Section 25 provides for the continuance of the relief to farmers for the increase in stock values for a further two years to 31 December 2012 from the current closing date of 31 December 2010, subject to the usual State aid clearance from the European Commission. Section 26 abolishes the tax exemption relating to qualifying patents. This measure was announced on budget day and was included in the list of tax expenditures set out in the national recovery plan for abolition or restriction.

Section 32 provides for the extension of the section 481 film relief scheme for a further three years to 31 December 2015, beyond its current expiry date of 31 December 2012. The extension of the scheme will create a medium term certainty for the film industry, which exists in a competitive international environment. The sector supports a significant number of jobs in the local economy and contributes to cultural tourism initiatives. In order to compete successfully with other countries and locations for productions, we need to offer a stable and supportive base. The extension will be introduced by ministerial order, subject to the usual State aid clearance from the European Commission.

As previously announced, the existing business expansion scheme, BES, is being reformed and renamed the employment and investment incentive. This is being done in section 33 and the new incentive will ensure the tax relief is more targeted at job retention and creation. It is subject to the approval of the European Commission and the existing scheme will continue until this has been secured. The three-year exemption from corporation tax, which was introduced in 2009 on the trading income and certain gains of new start-up companies, is being extended in section 34 to include start-up companies which commence a new trade in 2011.

Sections 36 and 37 of the Bill deal with provisions around tax relief on interest on borrowings. Legislation will now provide that relief will not generally be allowed in respect of interest on intra-group borrowings to finance the purchase of assets from another group company, nor will such interest be allowed as a deduction in computing profits or gains of a trade. The scheme of accelerated capital allowances for expenditure by companies on certain energy efficient equipment, introduced by budget 2008, is being extended in section 38 for a further three years to 31 December 2014.

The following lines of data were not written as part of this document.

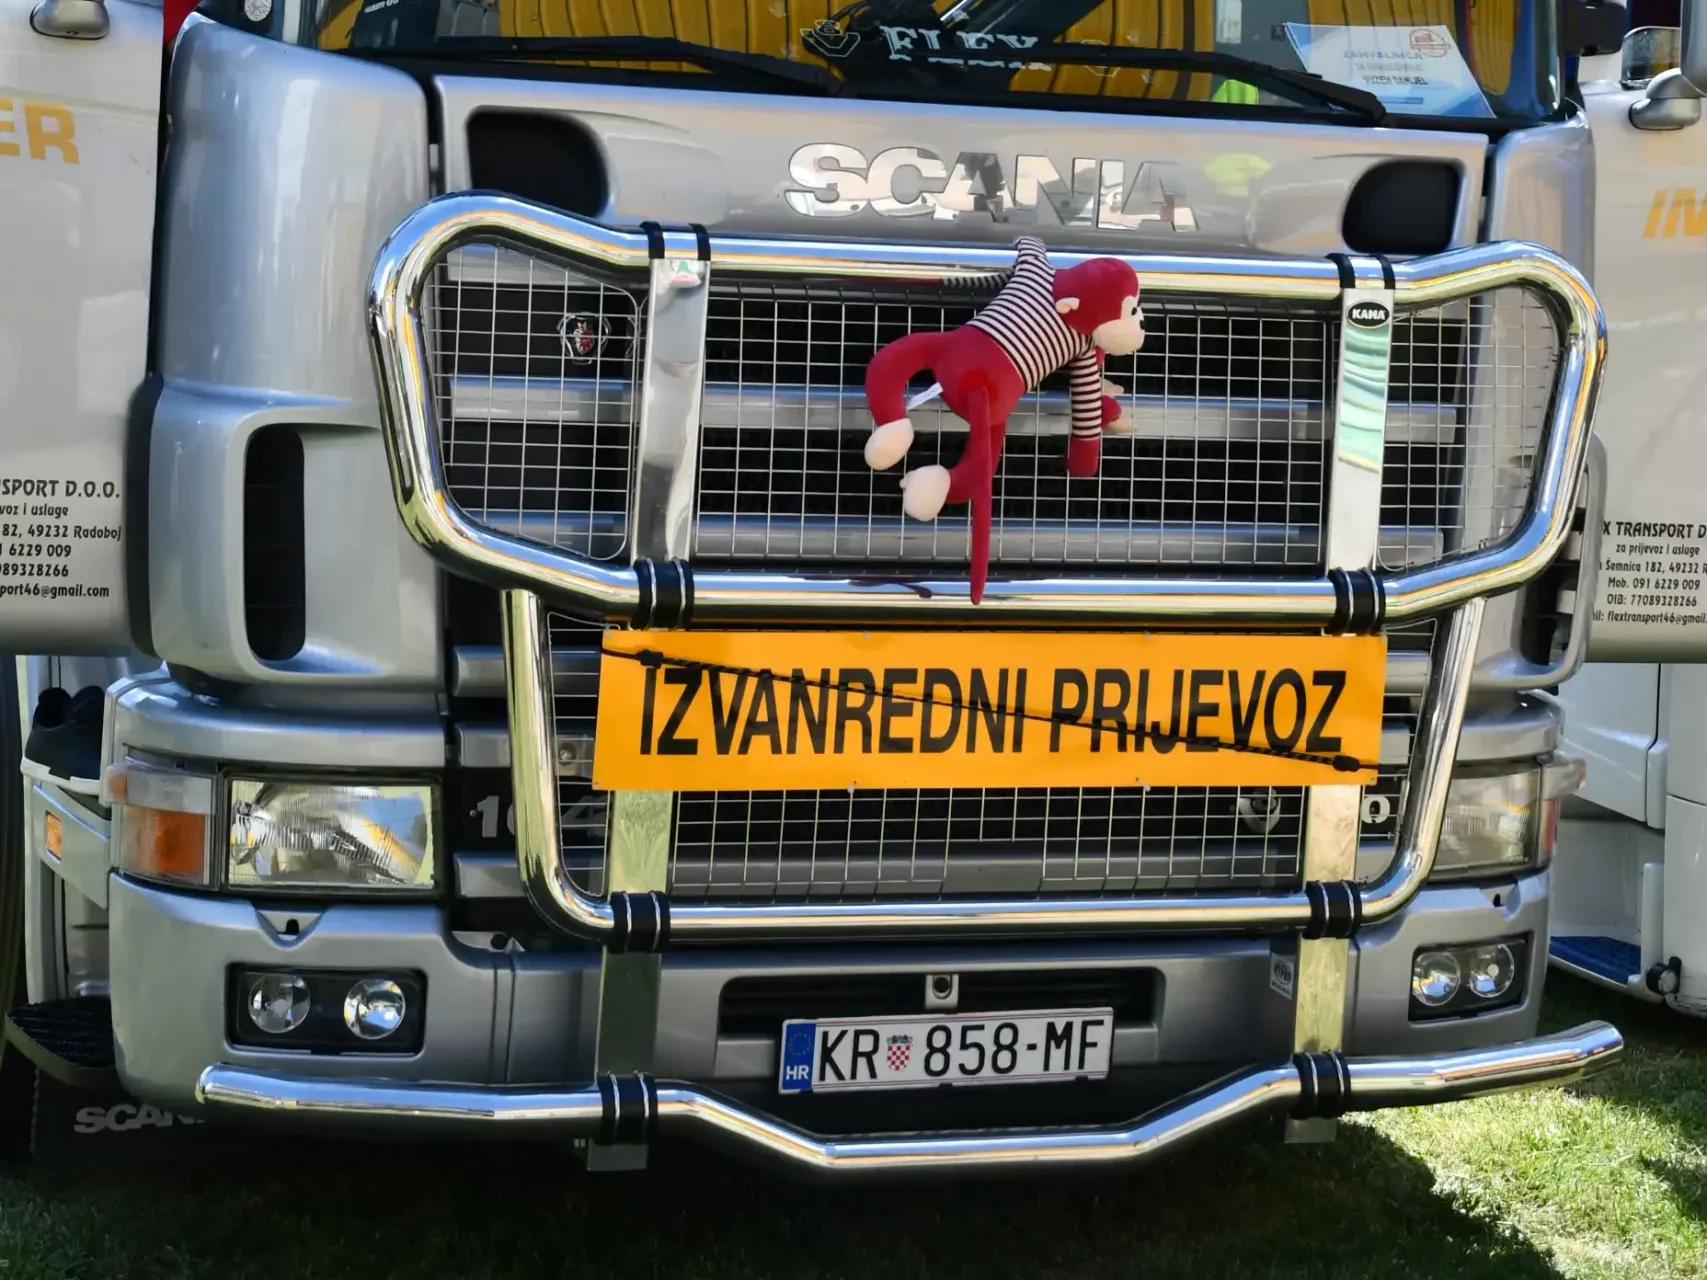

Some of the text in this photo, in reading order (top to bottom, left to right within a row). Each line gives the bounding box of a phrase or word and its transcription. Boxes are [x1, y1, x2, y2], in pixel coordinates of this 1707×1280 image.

[784, 142, 1199, 232] SCANIA
[0, 478, 121, 499] SPORT D.O.O.
[23, 502, 27, 516] i
[31, 503, 69, 519] usluge
[28, 524, 69, 538] 49232
[74, 525, 122, 541] Radoboj
[1616, 521, 1694, 539] TRANSPORT
[9, 543, 42, 557] 6229
[47, 544, 72, 558] 009
[1616, 544, 1626, 553] za
[1629, 542, 1664, 556] prijevoz
[1672, 544, 1700, 558] usluge
[0, 563, 69, 577] 89328266
[1605, 557, 1641, 572] Šemnica
[1669, 562, 1699, 574] 49232
[1608, 577, 1701, 590] Mob. 091 6229 009
[1607, 593, 1698, 607] OIB: 77089328266
[640, 667, 1347, 755] IZVANREDNI PRIJEVOZ
[818, 1019, 1105, 1082] KR 858-MF
[785, 1066, 809, 1081] HR

Section 40 provides for the amendment of section 110 of the Taxes Consolidation Act 1997, which deals with the taxation of securitisation and structured finance transactions. The proposed amendments extend the type of assets that a section 110 company can acquire, while at the same time section 110 is being restricted to better reflect its original intention. The objective of this measure is to enhance the competitiveness of the international financial services industry. In particular, it will be of benefit to Ireland's international aircraft leasing industry and the development of a green financial services centre which was launched by the Taoiseach yesterday. The potential of the green economy is widely acknowledged. It is one of the five pillars set out in Building Ireland's Smart Economy - the Government's framework for sustainable economic renewal. This initiative shows that international financial services has a good future in this country. There are great opportunities in green financial services to build on the success of the IFSC and create new businesses and jobs here in Ireland.

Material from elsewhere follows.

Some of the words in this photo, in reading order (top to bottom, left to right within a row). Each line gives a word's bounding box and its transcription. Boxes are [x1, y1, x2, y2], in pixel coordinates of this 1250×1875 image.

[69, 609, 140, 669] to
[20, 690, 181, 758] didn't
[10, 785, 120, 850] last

Part 2 of the Bill deals with customs and excise, including the air travel tax reduction to €3, the changes on betting duty and the extension of betting duty arrangements to remote betting and related activities conducted by Internet. There are also a number of vehicle registration measures. Part 3 of the Bill deals with value-added tax and Part 4 deals with stamp duties. The changes relating to stamp duties are of fundamental importance for our home property market and I hope we will have an opportunity to discuss them in Committee. Part 5 of the Bill deals with capital acquisitions tax and Part 6 deals with various miscellaneous matters. I have been careful in looking at the work of my offices to ensure that the minimum of additional powers are conferred on the Revenue Commissioners in this measure.